• _TASK STATEMENT_: Repeat the following data exactly, omitting pictures.

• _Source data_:

• • •

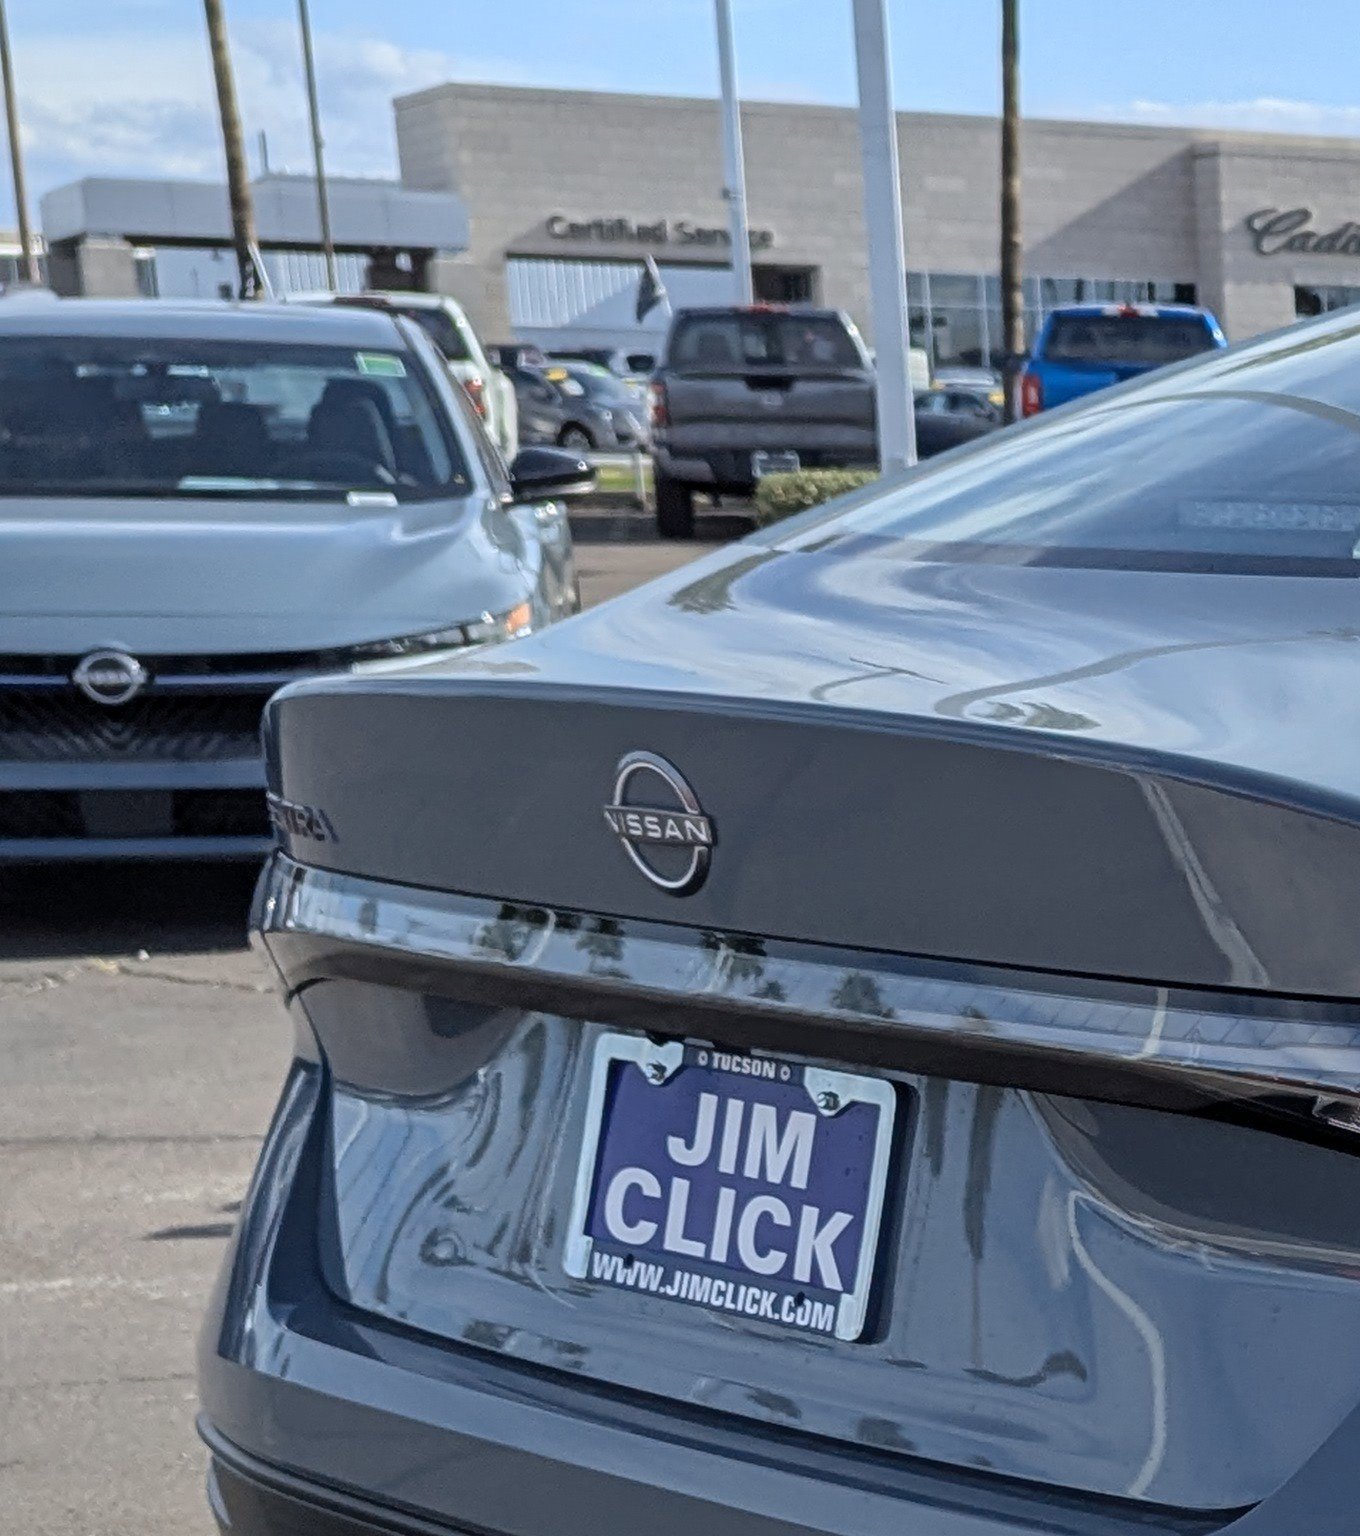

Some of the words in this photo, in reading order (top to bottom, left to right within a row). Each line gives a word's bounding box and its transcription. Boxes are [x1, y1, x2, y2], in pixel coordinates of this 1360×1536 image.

[673, 219, 775, 250] Servce
[604, 810, 709, 843] NISSAN
[712, 1051, 777, 1079] TUCSON
[667, 1092, 817, 1190] JIM
[604, 1167, 854, 1292] CLICK
[591, 1251, 836, 1332] WWW.JIMCLICK.COM
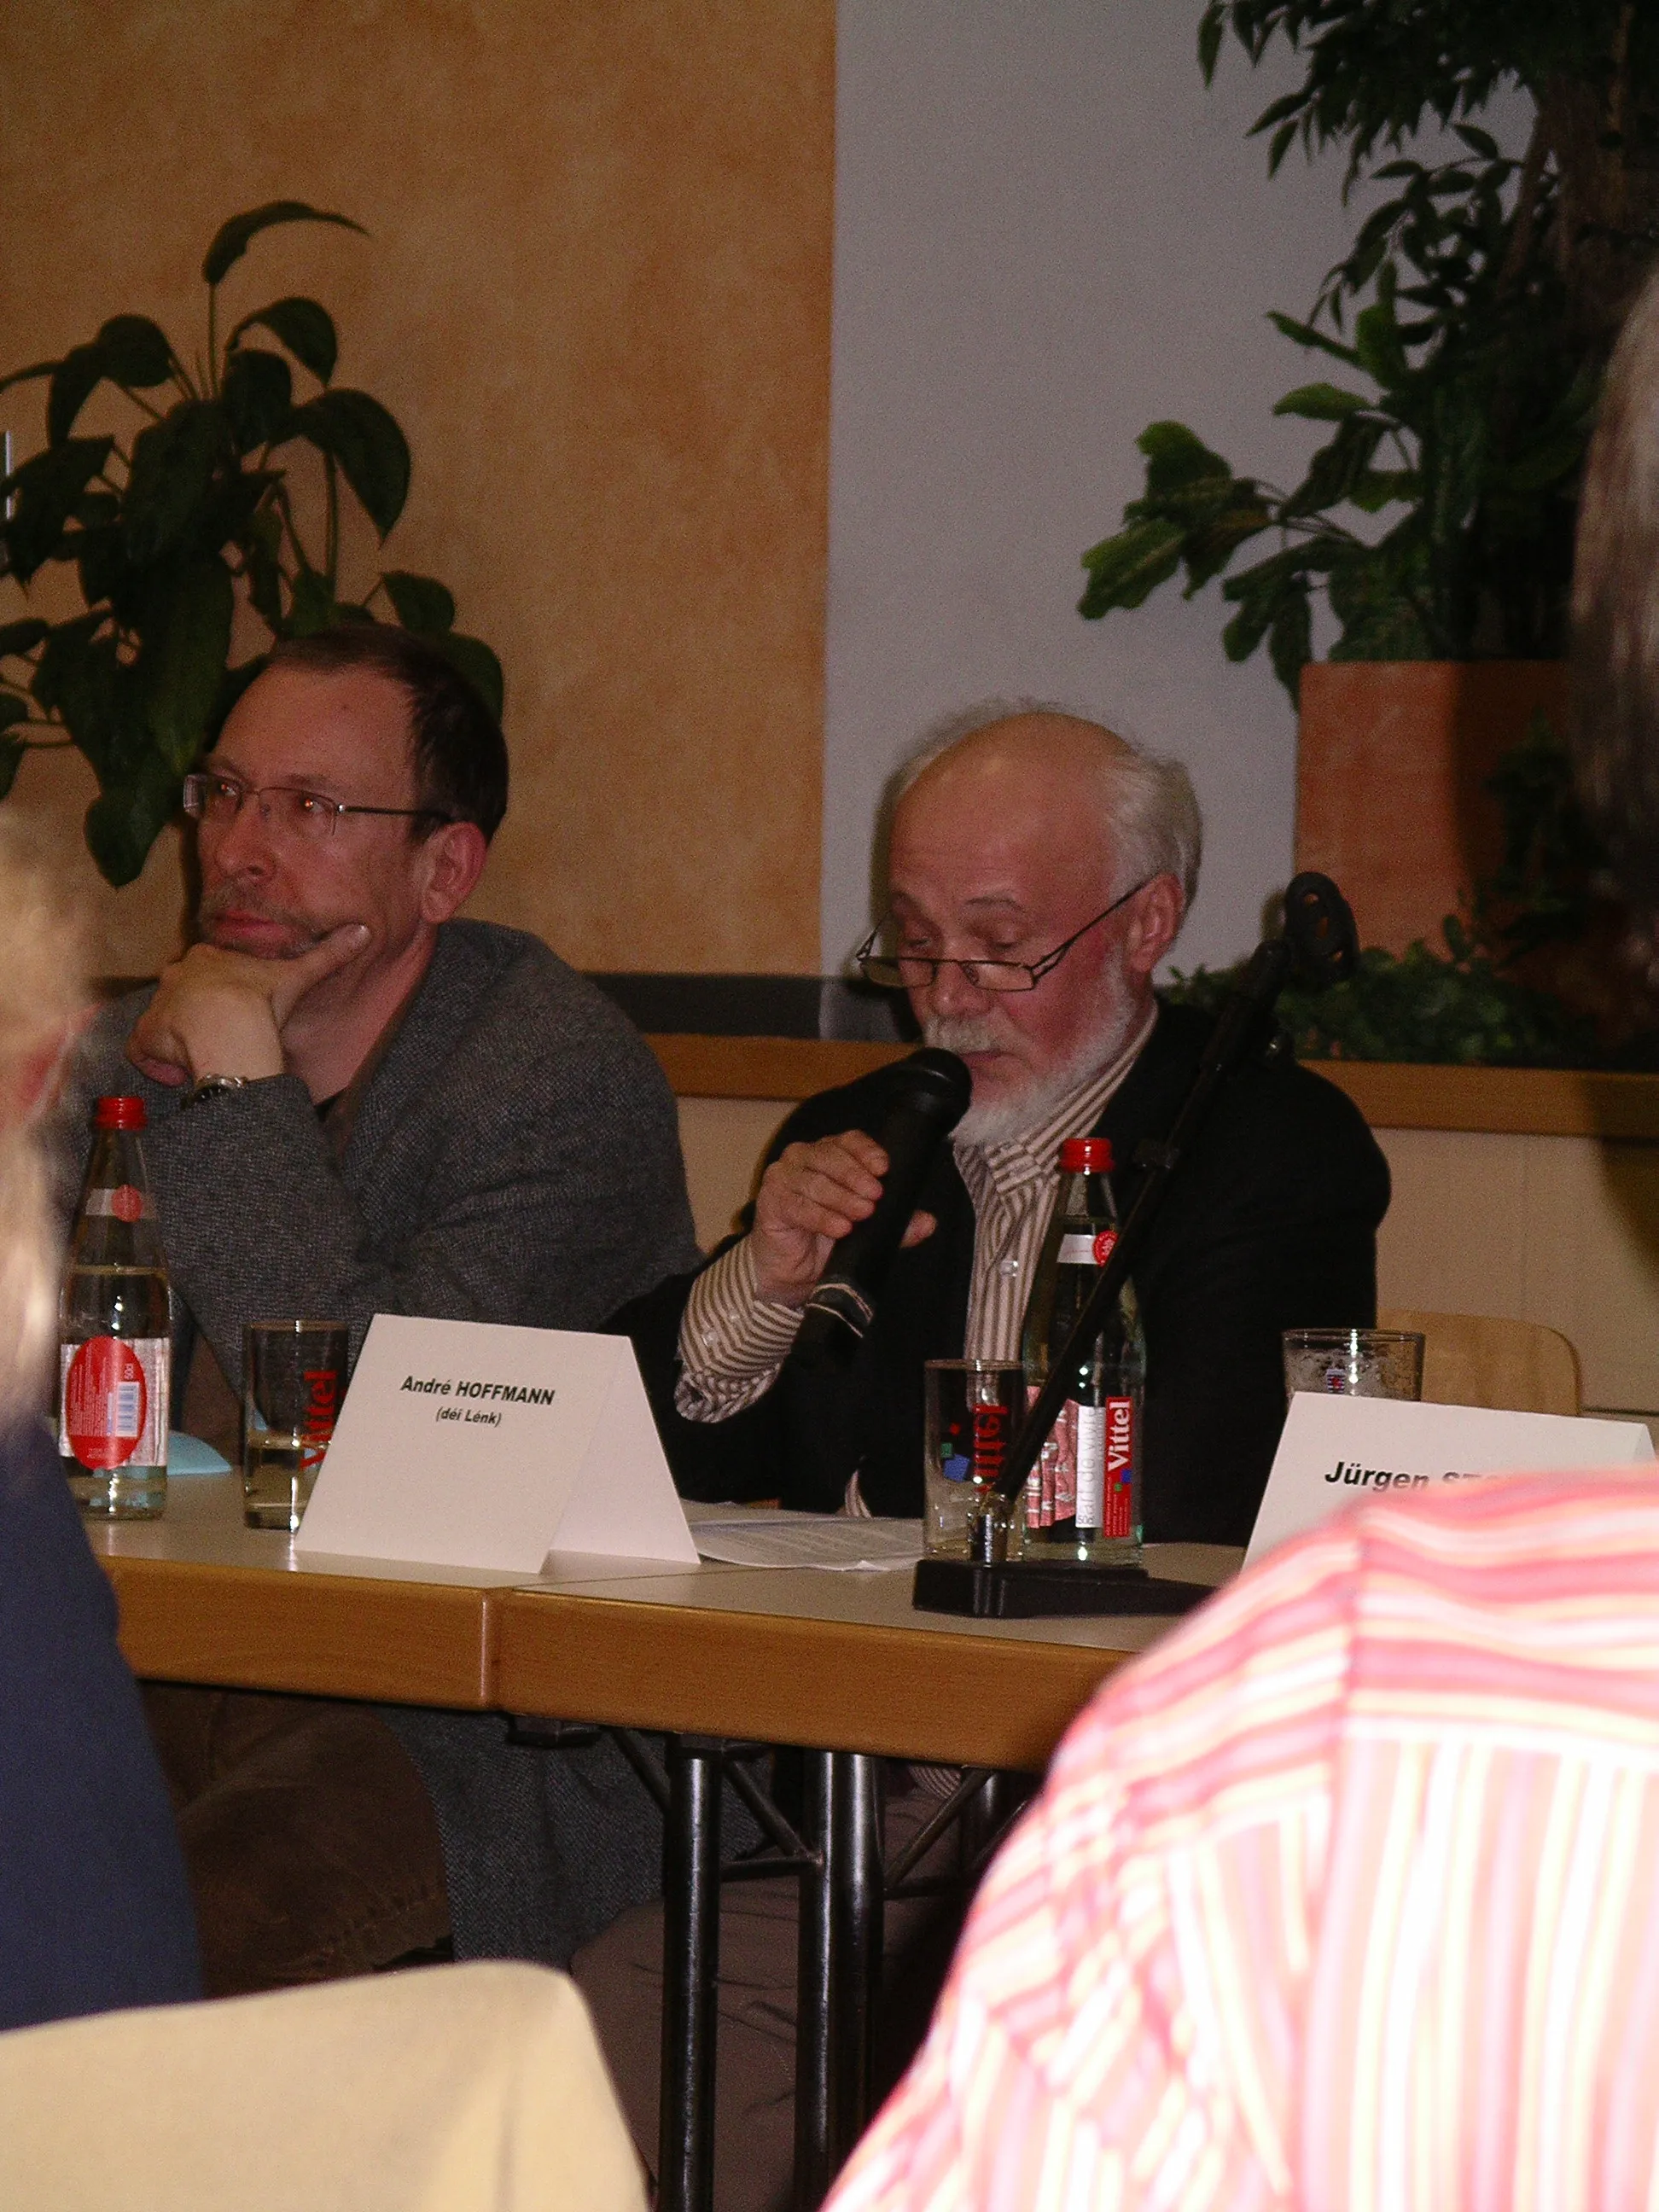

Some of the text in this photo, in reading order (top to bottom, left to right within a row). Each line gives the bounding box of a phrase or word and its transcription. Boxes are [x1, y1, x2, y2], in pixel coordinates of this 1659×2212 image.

[399, 1376, 556, 1406] André HOFFMANN
[464, 1409, 503, 1428] Lénk)
[1108, 1401, 1130, 1471] Vittel
[1324, 1461, 1430, 1493] Jürgen

• • •

• _SOLVED EXERCISE_:
Some of the words in this photo, in reading order (top to bottom, left to right within a row). Each line gives a word's bounding box and its transcription. Boxes are [x1, y1, x2, y2], in pixel coordinates of this 1360×1536 image.

[673, 219, 775, 250] Servce
[604, 810, 709, 843] NISSAN
[712, 1051, 777, 1079] TUCSON
[667, 1092, 817, 1190] JIM
[604, 1167, 854, 1292] CLICK
[591, 1251, 836, 1332] WWW.JIMCLICK.COM

Some of the text in this photo, in reading order (top to bottom, left to right within a row). Each line gives the bounding box of a phrase or word and its transcription. Boxes are [x1, y1, x2, y2], in pixel coordinates of this 1659×2212 image.

[399, 1376, 556, 1406] André HOFFMANN
[464, 1409, 503, 1428] Lénk)
[1108, 1401, 1130, 1471] Vittel
[1324, 1461, 1430, 1493] Jürgen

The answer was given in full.